Trezor does not know your seed (it is generated when you set up your wallet for the first time), so they cannot ever have access to your wallet.

right, but if you use the mytrezor.com web wallet, I ***think*** the website can access the extended public keys (xpub) for each address chain for your seed. If that's correct, SatoshiLabs have access to all the information about all transactions for all addresses generated from your Trezor seed, despite not knowing the seed itself (this is assuming the way the mytrezor.com web-wallet operates, I may be wrong)


the ways to use a Trezor hardware wallet with address privacy in mind are:


I myself use python-trezor at the moment (with the help of some bash scripts that use both the trezorctl and bitcoin-cli command line utilities).

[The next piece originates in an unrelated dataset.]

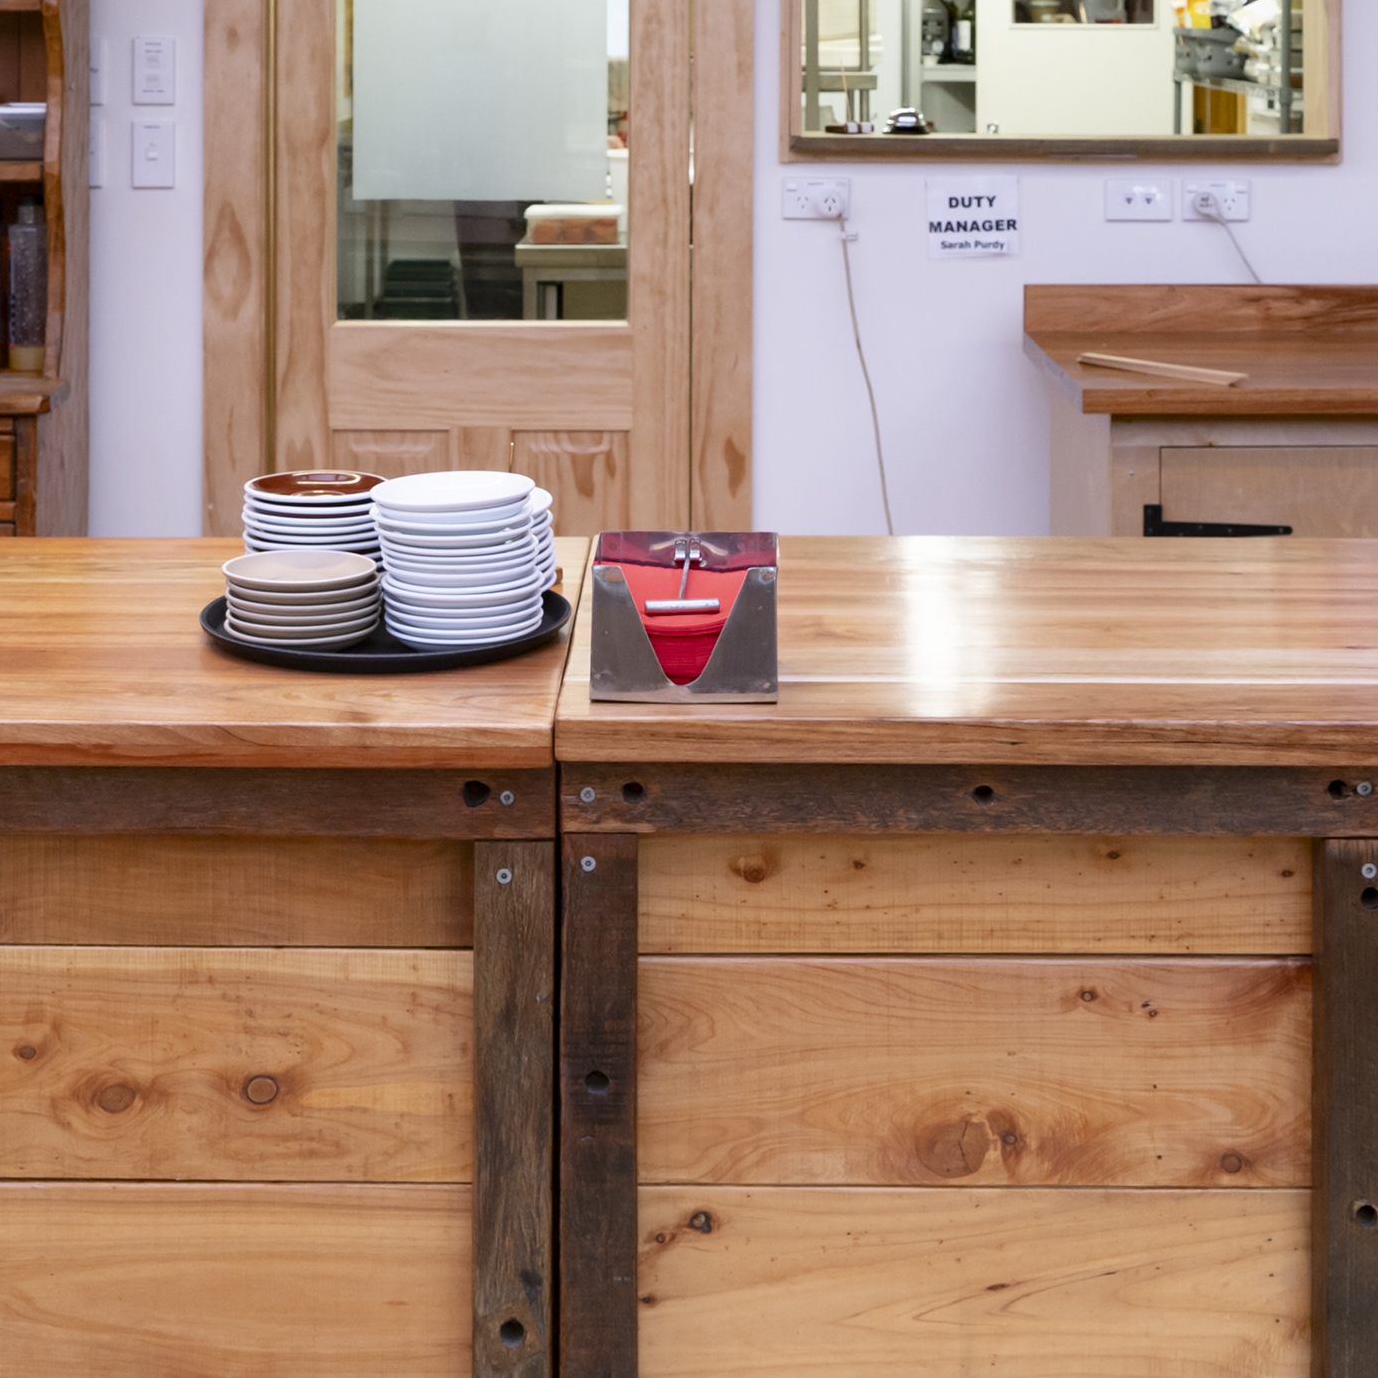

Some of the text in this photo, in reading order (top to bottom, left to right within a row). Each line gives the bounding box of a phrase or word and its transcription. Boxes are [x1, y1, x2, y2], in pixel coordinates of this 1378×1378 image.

Future incarnations of the HWI tool will be more integrated into the Bitcoin Core wallet, the 0.20.0 release in May includes a big step forward in that direction (a vast overhaul of the wallet code that allows the flexibility to, i.e. in this case let the Trezor act as the transaction signer for a watch-only wallet kept on the computer running Bitcoin Core). In the end, IIUC the goal with HWI is to make a GUI interface that's accessible from within the Bitcoin Core Qt GUI, maybe some of that will be included in 0.20.0 with any luck (ping @achow101 who's part of the work on HWI)
Sadly, I use windows and have a plug and play education  Embarrassed
Thanks for reminding me where this rabbit hole starts. In this case I'll likely be waiting for dev tools in windows or other HW solutions focused on privacy. For now I'd just like to break analytics and the connection to identity. Can Trezor conceivably know my identity from my use of mytrezor.com or my use of the bridge to wallet.trezor.io?